## What to work on
Transcribe the lines of the records starting with the one that has "this 1476×1618 image." in it and ending with the last, and transcribe nothing else.

(Information supplied begins)

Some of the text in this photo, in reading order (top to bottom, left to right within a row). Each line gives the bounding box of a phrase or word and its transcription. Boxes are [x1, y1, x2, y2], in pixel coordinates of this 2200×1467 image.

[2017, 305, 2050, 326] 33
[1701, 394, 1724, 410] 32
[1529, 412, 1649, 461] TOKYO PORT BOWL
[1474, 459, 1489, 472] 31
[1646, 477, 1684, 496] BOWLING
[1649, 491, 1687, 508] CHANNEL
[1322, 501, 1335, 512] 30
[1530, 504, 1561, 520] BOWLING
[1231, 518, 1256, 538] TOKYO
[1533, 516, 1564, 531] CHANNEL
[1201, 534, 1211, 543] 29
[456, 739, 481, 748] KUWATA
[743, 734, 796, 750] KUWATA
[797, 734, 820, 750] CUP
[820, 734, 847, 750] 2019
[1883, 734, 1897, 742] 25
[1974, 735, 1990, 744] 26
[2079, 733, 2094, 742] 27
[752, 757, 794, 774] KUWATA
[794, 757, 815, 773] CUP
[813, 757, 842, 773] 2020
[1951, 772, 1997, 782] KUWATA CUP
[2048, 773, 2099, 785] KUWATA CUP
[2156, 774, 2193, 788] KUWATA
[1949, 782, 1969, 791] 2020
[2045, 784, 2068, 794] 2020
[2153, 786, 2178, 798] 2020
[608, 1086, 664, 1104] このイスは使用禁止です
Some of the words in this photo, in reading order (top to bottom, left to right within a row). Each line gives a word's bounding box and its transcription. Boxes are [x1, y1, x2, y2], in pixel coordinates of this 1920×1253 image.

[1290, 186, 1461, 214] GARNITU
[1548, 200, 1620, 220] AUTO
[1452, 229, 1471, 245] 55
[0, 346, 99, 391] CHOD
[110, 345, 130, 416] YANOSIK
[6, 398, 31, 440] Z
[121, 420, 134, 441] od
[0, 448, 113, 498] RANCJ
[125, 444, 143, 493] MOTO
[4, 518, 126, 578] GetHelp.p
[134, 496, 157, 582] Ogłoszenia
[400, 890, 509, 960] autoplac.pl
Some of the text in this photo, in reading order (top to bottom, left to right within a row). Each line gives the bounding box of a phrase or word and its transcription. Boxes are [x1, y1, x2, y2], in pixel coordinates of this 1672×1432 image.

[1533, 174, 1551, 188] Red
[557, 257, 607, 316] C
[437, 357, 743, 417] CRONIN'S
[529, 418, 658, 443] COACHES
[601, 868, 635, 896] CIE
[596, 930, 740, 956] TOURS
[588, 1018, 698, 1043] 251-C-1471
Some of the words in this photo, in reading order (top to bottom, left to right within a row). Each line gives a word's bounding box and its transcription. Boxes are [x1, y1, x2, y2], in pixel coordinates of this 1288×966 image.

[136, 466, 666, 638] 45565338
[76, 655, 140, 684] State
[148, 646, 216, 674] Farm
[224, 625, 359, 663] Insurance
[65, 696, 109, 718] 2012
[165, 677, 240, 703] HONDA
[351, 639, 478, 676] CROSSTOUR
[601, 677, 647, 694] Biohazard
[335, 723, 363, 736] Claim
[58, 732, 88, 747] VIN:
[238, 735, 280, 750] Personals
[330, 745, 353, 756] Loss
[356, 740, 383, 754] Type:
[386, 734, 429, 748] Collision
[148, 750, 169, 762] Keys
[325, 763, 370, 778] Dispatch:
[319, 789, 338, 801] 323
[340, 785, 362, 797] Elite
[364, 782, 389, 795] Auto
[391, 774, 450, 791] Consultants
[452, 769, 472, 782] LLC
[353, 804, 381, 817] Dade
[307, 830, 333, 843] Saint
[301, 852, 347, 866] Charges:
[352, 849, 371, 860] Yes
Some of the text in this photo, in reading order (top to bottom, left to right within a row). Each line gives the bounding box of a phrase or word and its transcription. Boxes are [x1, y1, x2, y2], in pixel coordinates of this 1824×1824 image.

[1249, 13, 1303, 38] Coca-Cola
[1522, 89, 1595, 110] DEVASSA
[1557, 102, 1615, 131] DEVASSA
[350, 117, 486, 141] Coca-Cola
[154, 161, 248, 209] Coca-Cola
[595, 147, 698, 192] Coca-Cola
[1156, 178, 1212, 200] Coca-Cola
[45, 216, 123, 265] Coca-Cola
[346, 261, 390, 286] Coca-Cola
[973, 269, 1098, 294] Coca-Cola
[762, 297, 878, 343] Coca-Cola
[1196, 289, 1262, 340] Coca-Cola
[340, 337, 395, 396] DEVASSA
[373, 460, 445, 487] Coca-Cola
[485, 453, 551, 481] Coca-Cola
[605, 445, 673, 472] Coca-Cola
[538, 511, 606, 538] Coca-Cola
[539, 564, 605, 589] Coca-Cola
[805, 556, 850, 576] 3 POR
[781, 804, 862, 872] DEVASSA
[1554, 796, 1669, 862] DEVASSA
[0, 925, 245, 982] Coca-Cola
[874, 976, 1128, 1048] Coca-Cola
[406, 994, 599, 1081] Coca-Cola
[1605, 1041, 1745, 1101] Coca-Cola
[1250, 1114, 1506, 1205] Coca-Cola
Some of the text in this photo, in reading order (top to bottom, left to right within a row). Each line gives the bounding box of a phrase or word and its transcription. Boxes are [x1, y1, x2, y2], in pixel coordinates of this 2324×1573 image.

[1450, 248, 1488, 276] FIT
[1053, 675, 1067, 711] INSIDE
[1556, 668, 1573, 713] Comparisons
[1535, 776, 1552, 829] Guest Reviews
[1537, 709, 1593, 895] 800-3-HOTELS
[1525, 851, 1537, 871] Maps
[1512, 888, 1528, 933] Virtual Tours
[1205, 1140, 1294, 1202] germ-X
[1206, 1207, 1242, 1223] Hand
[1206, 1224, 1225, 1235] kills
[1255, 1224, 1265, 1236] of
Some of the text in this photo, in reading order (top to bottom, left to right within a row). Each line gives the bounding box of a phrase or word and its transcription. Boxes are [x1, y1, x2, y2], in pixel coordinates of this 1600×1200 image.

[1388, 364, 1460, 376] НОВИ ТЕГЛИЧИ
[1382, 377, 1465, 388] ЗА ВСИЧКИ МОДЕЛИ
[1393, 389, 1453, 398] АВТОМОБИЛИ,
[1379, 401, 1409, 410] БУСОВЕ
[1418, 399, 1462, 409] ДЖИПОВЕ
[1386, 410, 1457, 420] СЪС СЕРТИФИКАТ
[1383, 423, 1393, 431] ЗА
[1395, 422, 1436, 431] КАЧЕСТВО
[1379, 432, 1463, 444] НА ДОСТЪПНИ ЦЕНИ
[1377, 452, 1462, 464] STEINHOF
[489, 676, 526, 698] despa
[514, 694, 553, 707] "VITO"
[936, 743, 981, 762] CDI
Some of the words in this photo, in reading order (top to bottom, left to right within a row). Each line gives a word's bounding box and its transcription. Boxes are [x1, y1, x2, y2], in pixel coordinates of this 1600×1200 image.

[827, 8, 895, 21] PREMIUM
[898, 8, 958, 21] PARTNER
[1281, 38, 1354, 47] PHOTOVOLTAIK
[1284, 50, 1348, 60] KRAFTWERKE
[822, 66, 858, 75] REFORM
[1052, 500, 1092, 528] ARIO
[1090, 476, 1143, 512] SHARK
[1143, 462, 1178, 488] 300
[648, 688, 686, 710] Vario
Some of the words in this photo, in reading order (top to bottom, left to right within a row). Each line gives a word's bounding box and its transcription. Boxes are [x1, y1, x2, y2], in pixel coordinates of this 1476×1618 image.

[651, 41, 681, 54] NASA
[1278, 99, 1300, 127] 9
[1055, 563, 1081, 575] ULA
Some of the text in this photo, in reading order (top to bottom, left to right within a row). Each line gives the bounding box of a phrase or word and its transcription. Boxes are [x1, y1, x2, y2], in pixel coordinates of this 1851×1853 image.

(Information supplied ends)

## Written reply
Some of the words in this photo, in reading order (top to bottom, left to right within a row). Each line gives a word's bounding box and its transcription. Boxes are [x1, y1, x2, y2], in pixel coordinates of this 1476×1618 image.

[651, 41, 681, 54] NASA
[1278, 99, 1300, 127] 9
[1055, 563, 1081, 575] ULA
Some of the text in this photo, in reading order (top to bottom, left to right within a row). Each line gives the bounding box of a phrase or word and its transcription. Boxes are [x1, y1, x2, y2], in pixel coordinates of this 1851×1853 image.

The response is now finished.